(Saved data entries)
-*-
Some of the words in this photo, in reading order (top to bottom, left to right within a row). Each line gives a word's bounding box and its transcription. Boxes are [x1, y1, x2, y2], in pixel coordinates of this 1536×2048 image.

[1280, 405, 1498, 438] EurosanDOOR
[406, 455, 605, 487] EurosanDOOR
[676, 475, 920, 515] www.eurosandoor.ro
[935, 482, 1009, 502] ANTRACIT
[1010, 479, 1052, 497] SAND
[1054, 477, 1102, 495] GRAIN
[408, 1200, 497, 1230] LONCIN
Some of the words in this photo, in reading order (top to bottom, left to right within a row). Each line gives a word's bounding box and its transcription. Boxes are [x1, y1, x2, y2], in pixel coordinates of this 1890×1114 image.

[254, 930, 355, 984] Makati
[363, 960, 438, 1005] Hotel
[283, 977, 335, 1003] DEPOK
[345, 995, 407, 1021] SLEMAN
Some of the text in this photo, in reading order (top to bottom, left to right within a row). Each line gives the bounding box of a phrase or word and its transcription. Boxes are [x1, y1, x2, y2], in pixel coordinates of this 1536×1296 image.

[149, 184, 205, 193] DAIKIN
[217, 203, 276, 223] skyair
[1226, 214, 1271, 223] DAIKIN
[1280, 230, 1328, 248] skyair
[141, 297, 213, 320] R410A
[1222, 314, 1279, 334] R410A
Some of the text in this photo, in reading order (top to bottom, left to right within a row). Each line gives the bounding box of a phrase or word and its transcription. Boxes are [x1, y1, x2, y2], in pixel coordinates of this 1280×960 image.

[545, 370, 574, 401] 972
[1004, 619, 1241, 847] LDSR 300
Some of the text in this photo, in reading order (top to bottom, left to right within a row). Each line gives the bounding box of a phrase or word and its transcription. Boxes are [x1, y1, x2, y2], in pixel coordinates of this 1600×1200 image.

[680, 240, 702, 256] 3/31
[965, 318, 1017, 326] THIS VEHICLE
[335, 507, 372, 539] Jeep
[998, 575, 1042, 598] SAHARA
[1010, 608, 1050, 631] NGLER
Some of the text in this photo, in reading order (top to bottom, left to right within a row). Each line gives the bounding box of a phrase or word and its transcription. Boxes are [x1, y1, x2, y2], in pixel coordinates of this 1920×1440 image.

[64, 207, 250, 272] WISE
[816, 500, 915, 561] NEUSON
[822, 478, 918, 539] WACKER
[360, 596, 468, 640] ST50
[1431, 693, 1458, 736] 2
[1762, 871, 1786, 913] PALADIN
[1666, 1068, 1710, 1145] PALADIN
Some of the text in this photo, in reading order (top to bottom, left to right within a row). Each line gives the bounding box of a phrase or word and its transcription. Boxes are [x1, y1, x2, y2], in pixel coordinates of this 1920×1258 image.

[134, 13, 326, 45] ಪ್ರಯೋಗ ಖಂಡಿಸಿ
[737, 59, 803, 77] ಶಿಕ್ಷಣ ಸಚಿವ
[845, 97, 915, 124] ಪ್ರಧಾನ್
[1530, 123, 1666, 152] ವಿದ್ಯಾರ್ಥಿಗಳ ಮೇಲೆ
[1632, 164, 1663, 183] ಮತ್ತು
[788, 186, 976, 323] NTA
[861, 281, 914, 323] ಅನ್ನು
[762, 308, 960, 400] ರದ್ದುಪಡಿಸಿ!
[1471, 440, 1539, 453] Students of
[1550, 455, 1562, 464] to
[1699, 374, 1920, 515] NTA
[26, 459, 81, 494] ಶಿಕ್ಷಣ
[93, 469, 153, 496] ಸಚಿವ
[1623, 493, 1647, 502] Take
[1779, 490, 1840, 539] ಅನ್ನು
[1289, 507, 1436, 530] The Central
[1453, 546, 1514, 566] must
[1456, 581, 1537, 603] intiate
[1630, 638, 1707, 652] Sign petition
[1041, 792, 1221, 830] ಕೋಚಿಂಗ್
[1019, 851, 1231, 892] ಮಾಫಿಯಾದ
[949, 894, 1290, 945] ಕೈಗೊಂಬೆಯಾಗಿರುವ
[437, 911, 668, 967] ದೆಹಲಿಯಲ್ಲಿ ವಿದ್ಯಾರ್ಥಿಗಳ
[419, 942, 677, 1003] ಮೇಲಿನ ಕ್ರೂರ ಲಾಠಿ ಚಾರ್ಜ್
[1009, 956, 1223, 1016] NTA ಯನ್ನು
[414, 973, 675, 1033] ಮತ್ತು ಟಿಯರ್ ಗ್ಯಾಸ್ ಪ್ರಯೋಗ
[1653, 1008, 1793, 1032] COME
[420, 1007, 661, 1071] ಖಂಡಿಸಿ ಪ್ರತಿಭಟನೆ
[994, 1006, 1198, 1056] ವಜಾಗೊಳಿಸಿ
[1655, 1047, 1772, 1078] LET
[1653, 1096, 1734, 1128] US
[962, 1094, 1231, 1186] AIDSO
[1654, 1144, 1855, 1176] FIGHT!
-*-
**What to produce**:
Each record must be reproduced exactly. Keep every one.

**Result of the task**:
Some of the words in this photo, in reading order (top to bottom, left to right within a row). Each line gives a word's bounding box and its transcription. Boxes are [x1, y1, x2, y2], in pixel coordinates of this 1536×2048 image.

[1280, 405, 1498, 438] EurosanDOOR
[406, 455, 605, 487] EurosanDOOR
[676, 475, 920, 515] www.eurosandoor.ro
[935, 482, 1009, 502] ANTRACIT
[1010, 479, 1052, 497] SAND
[1054, 477, 1102, 495] GRAIN
[408, 1200, 497, 1230] LONCIN
Some of the words in this photo, in reading order (top to bottom, left to right within a row). Each line gives a word's bounding box and its transcription. Boxes are [x1, y1, x2, y2], in pixel coordinates of this 1890×1114 image.

[254, 930, 355, 984] Makati
[363, 960, 438, 1005] Hotel
[283, 977, 335, 1003] DEPOK
[345, 995, 407, 1021] SLEMAN
Some of the text in this photo, in reading order (top to bottom, left to right within a row). Each line gives the bounding box of a phrase or word and its transcription. Boxes are [x1, y1, x2, y2], in pixel coordinates of this 1536×1296 image.

[149, 184, 205, 193] DAIKIN
[217, 203, 276, 223] skyair
[1226, 214, 1271, 223] DAIKIN
[1280, 230, 1328, 248] skyair
[141, 297, 213, 320] R410A
[1222, 314, 1279, 334] R410A
Some of the text in this photo, in reading order (top to bottom, left to right within a row). Each line gives the bounding box of a phrase or word and its transcription. Boxes are [x1, y1, x2, y2], in pixel coordinates of this 1280×960 image.

[545, 370, 574, 401] 972
[1004, 619, 1241, 847] LDSR 300
Some of the text in this photo, in reading order (top to bottom, left to right within a row). Each line gives the bounding box of a phrase or word and its transcription. Boxes are [x1, y1, x2, y2], in pixel coordinates of this 1600×1200 image.

[680, 240, 702, 256] 3/31
[965, 318, 1017, 326] THIS VEHICLE
[335, 507, 372, 539] Jeep
[998, 575, 1042, 598] SAHARA
[1010, 608, 1050, 631] NGLER
Some of the text in this photo, in reading order (top to bottom, left to right within a row). Each line gives the bounding box of a phrase or word and its transcription. Boxes are [x1, y1, x2, y2], in pixel coordinates of this 1920×1440 image.

[64, 207, 250, 272] WISE
[816, 500, 915, 561] NEUSON
[822, 478, 918, 539] WACKER
[360, 596, 468, 640] ST50
[1431, 693, 1458, 736] 2
[1762, 871, 1786, 913] PALADIN
[1666, 1068, 1710, 1145] PALADIN
Some of the text in this photo, in reading order (top to bottom, left to right within a row). Each line gives the bounding box of a phrase or word and its transcription. Boxes are [x1, y1, x2, y2], in pixel coordinates of this 1920×1258 image.

[134, 13, 326, 45] ಪ್ರಯೋಗ ಖಂಡಿಸಿ
[737, 59, 803, 77] ಶಿಕ್ಷಣ ಸಚಿವ
[845, 97, 915, 124] ಪ್ರಧಾನ್
[1530, 123, 1666, 152] ವಿದ್ಯಾರ್ಥಿಗಳ ಮೇಲೆ
[1632, 164, 1663, 183] ಮತ್ತು
[788, 186, 976, 323] NTA
[861, 281, 914, 323] ಅನ್ನು
[762, 308, 960, 400] ರದ್ದುಪಡಿಸಿ!
[1471, 440, 1539, 453] Students of
[1550, 455, 1562, 464] to
[1699, 374, 1920, 515] NTA
[26, 459, 81, 494] ಶಿಕ್ಷಣ
[93, 469, 153, 496] ಸಚಿವ
[1623, 493, 1647, 502] Take
[1779, 490, 1840, 539] ಅನ್ನು
[1289, 507, 1436, 530] The Central
[1453, 546, 1514, 566] must
[1456, 581, 1537, 603] intiate
[1630, 638, 1707, 652] Sign petition
[1041, 792, 1221, 830] ಕೋಚಿಂಗ್
[1019, 851, 1231, 892] ಮಾಫಿಯಾದ
[949, 894, 1290, 945] ಕೈಗೊಂಬೆಯಾಗಿರುವ
[437, 911, 668, 967] ದೆಹಲಿಯಲ್ಲಿ ವಿದ್ಯಾರ್ಥಿಗಳ
[419, 942, 677, 1003] ಮೇಲಿನ ಕ್ರೂರ ಲಾಠಿ ಚಾರ್ಜ್
[1009, 956, 1223, 1016] NTA ಯನ್ನು
[414, 973, 675, 1033] ಮತ್ತು ಟಿಯರ್ ಗ್ಯಾಸ್ ಪ್ರಯೋಗ
[1653, 1008, 1793, 1032] COME
[420, 1007, 661, 1071] ಖಂಡಿಸಿ ಪ್ರತಿಭಟನೆ
[994, 1006, 1198, 1056] ವಜಾಗೊಳಿಸಿ
[1655, 1047, 1772, 1078] LET
[1653, 1096, 1734, 1128] US
[962, 1094, 1231, 1186] AIDSO
[1654, 1144, 1855, 1176] FIGHT!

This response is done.